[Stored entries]
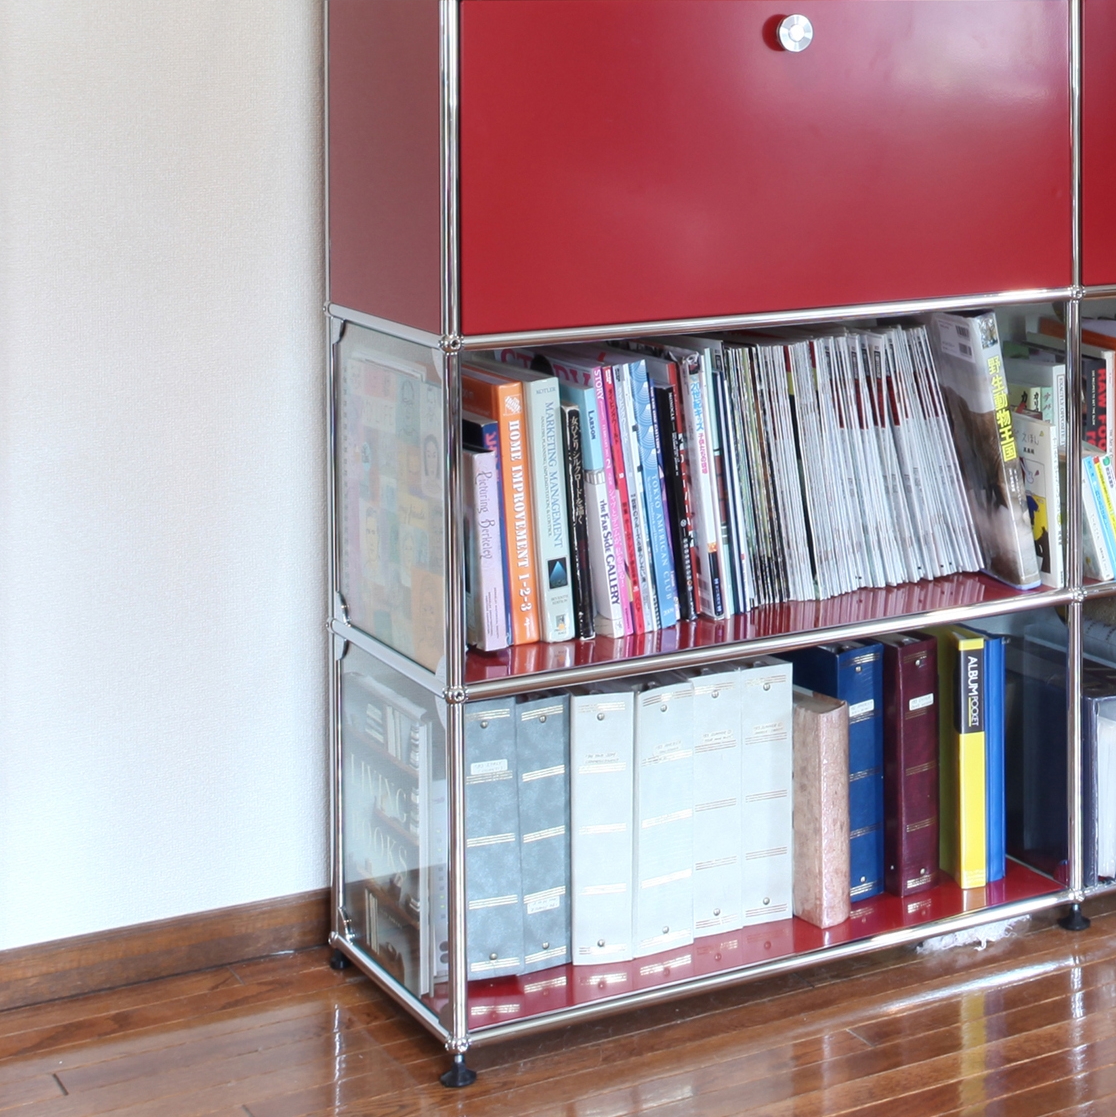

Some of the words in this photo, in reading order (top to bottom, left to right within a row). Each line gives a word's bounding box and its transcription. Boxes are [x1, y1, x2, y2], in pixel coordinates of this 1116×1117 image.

[594, 369, 604, 400] STORY
[987, 356, 1018, 462] 野生動物王国
[508, 420, 523, 461] HOME
[545, 402, 557, 468] MARKETING
[1098, 414, 1106, 451] FOO
[475, 470, 492, 515] Picturing
[549, 471, 563, 548] MANAGEMENT
[651, 475, 661, 509] TOKYO
[481, 518, 495, 561] Berkeley
[511, 465, 530, 569] IMPROVEMENT
[655, 513, 668, 567] AMERICAN
[518, 573, 533, 613] 1-2-3
[607, 555, 621, 605] GALLERY
[663, 570, 672, 601] CLUB
[350, 753, 407, 825] LIVING

> **WHAT YOU NEED TO DO**: Copy the preceding data in full and word for word, dropping its pictures.

> **RESPONSE TO THE EXERCISE**:
Some of the words in this photo, in reading order (top to bottom, left to right within a row). Each line gives a word's bounding box and its transcription. Boxes are [x1, y1, x2, y2], in pixel coordinates of this 1116×1117 image.

[594, 369, 604, 400] STORY
[987, 356, 1018, 462] 野生動物王国
[508, 420, 523, 461] HOME
[545, 402, 557, 468] MARKETING
[1098, 414, 1106, 451] FOO
[475, 470, 492, 515] Picturing
[549, 471, 563, 548] MANAGEMENT
[651, 475, 661, 509] TOKYO
[481, 518, 495, 561] Berkeley
[511, 465, 530, 569] IMPROVEMENT
[655, 513, 668, 567] AMERICAN
[518, 573, 533, 613] 1-2-3
[607, 555, 621, 605] GALLERY
[663, 570, 672, 601] CLUB
[350, 753, 407, 825] LIVING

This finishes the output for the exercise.